- **ACTIVITY**
Word for word, reproduce every line of the data below.

[Phrase grounding data]
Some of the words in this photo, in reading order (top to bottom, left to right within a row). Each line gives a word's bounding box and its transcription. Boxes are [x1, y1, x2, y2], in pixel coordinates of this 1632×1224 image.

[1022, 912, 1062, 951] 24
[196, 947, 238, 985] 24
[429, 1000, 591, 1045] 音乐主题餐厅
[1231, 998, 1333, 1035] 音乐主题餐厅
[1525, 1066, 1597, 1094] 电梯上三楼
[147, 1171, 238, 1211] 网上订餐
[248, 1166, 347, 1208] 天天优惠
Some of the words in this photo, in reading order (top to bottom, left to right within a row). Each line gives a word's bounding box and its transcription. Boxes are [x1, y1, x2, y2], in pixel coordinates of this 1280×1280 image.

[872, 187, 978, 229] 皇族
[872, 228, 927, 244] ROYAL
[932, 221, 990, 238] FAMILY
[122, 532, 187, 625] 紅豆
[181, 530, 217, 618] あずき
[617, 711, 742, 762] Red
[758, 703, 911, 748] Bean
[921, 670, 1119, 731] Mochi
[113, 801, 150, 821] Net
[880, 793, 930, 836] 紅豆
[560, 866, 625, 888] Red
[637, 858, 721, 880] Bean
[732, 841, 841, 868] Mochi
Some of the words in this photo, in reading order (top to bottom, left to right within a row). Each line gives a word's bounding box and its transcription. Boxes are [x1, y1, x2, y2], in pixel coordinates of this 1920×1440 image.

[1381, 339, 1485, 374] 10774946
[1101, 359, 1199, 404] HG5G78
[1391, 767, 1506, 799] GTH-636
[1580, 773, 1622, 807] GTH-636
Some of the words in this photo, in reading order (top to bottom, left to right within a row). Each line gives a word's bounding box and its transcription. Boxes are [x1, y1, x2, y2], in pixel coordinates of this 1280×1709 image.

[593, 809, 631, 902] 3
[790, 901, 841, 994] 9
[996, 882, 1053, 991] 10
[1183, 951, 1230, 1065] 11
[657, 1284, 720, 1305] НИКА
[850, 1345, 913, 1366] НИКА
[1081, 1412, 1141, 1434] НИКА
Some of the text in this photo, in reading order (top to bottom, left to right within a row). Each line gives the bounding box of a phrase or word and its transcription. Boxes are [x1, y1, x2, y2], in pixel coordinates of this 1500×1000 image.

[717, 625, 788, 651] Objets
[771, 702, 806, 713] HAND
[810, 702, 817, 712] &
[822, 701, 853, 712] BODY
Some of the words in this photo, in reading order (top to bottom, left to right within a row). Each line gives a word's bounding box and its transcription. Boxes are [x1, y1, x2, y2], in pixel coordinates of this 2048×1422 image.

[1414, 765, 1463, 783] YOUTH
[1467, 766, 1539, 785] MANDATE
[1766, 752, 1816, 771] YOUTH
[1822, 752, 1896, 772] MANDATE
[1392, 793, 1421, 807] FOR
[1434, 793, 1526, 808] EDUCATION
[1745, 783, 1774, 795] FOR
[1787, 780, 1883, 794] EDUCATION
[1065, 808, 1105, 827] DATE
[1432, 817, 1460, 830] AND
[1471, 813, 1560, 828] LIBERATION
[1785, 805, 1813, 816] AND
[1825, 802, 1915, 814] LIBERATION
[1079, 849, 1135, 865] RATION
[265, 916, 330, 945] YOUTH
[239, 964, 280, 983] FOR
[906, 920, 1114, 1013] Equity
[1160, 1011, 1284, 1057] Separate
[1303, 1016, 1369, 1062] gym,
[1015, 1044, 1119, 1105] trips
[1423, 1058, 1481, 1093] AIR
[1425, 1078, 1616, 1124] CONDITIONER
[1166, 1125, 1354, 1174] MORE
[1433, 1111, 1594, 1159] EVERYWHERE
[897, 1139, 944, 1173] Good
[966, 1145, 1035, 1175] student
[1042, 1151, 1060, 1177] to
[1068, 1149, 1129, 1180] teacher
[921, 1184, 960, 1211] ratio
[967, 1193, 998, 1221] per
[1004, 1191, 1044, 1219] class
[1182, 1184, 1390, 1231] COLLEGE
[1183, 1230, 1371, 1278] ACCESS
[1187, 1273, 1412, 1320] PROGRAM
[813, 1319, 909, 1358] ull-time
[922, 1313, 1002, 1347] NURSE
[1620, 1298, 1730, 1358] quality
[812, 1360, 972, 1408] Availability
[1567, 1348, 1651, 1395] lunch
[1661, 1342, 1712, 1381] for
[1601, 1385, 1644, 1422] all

- **WRITTEN REPLY**
Some of the words in this photo, in reading order (top to bottom, left to right within a row). Each line gives a word's bounding box and its transcription. Boxes are [x1, y1, x2, y2], in pixel coordinates of this 1632×1224 image.

[1022, 912, 1062, 951] 24
[196, 947, 238, 985] 24
[429, 1000, 591, 1045] 音乐主题餐厅
[1231, 998, 1333, 1035] 音乐主题餐厅
[1525, 1066, 1597, 1094] 电梯上三楼
[147, 1171, 238, 1211] 网上订餐
[248, 1166, 347, 1208] 天天优惠
Some of the words in this photo, in reading order (top to bottom, left to right within a row). Each line gives a word's bounding box and its transcription. Boxes are [x1, y1, x2, y2], in pixel coordinates of this 1280×1280 image.

[872, 187, 978, 229] 皇族
[872, 228, 927, 244] ROYAL
[932, 221, 990, 238] FAMILY
[122, 532, 187, 625] 紅豆
[181, 530, 217, 618] あずき
[617, 711, 742, 762] Red
[758, 703, 911, 748] Bean
[921, 670, 1119, 731] Mochi
[113, 801, 150, 821] Net
[880, 793, 930, 836] 紅豆
[560, 866, 625, 888] Red
[637, 858, 721, 880] Bean
[732, 841, 841, 868] Mochi
Some of the words in this photo, in reading order (top to bottom, left to right within a row). Each line gives a word's bounding box and its transcription. Boxes are [x1, y1, x2, y2], in pixel coordinates of this 1920×1440 image.

[1381, 339, 1485, 374] 10774946
[1101, 359, 1199, 404] HG5G78
[1391, 767, 1506, 799] GTH-636
[1580, 773, 1622, 807] GTH-636
Some of the words in this photo, in reading order (top to bottom, left to right within a row). Each line gives a word's bounding box and its transcription. Boxes are [x1, y1, x2, y2], in pixel coordinates of this 1280×1709 image.

[593, 809, 631, 902] 3
[790, 901, 841, 994] 9
[996, 882, 1053, 991] 10
[1183, 951, 1230, 1065] 11
[657, 1284, 720, 1305] НИКА
[850, 1345, 913, 1366] НИКА
[1081, 1412, 1141, 1434] НИКА
Some of the text in this photo, in reading order (top to bottom, left to right within a row). Each line gives the bounding box of a phrase or word and its transcription. Boxes are [x1, y1, x2, y2], in pixel coordinates of this 1500×1000 image.

[717, 625, 788, 651] Objets
[771, 702, 806, 713] HAND
[810, 702, 817, 712] &
[822, 701, 853, 712] BODY
Some of the words in this photo, in reading order (top to bottom, left to right within a row). Each line gives a word's bounding box and its transcription. Boxes are [x1, y1, x2, y2], in pixel coordinates of this 2048×1422 image.

[1414, 765, 1463, 783] YOUTH
[1467, 766, 1539, 785] MANDATE
[1766, 752, 1816, 771] YOUTH
[1822, 752, 1896, 772] MANDATE
[1392, 793, 1421, 807] FOR
[1434, 793, 1526, 808] EDUCATION
[1745, 783, 1774, 795] FOR
[1787, 780, 1883, 794] EDUCATION
[1065, 808, 1105, 827] DATE
[1432, 817, 1460, 830] AND
[1471, 813, 1560, 828] LIBERATION
[1785, 805, 1813, 816] AND
[1825, 802, 1915, 814] LIBERATION
[1079, 849, 1135, 865] RATION
[265, 916, 330, 945] YOUTH
[239, 964, 280, 983] FOR
[906, 920, 1114, 1013] Equity
[1160, 1011, 1284, 1057] Separate
[1303, 1016, 1369, 1062] gym,
[1015, 1044, 1119, 1105] trips
[1423, 1058, 1481, 1093] AIR
[1425, 1078, 1616, 1124] CONDITIONER
[1166, 1125, 1354, 1174] MORE
[1433, 1111, 1594, 1159] EVERYWHERE
[897, 1139, 944, 1173] Good
[966, 1145, 1035, 1175] student
[1042, 1151, 1060, 1177] to
[1068, 1149, 1129, 1180] teacher
[921, 1184, 960, 1211] ratio
[967, 1193, 998, 1221] per
[1004, 1191, 1044, 1219] class
[1182, 1184, 1390, 1231] COLLEGE
[1183, 1230, 1371, 1278] ACCESS
[1187, 1273, 1412, 1320] PROGRAM
[813, 1319, 909, 1358] ull-time
[922, 1313, 1002, 1347] NURSE
[1620, 1298, 1730, 1358] quality
[812, 1360, 972, 1408] Availability
[1567, 1348, 1651, 1395] lunch
[1661, 1342, 1712, 1381] for
[1601, 1385, 1644, 1422] all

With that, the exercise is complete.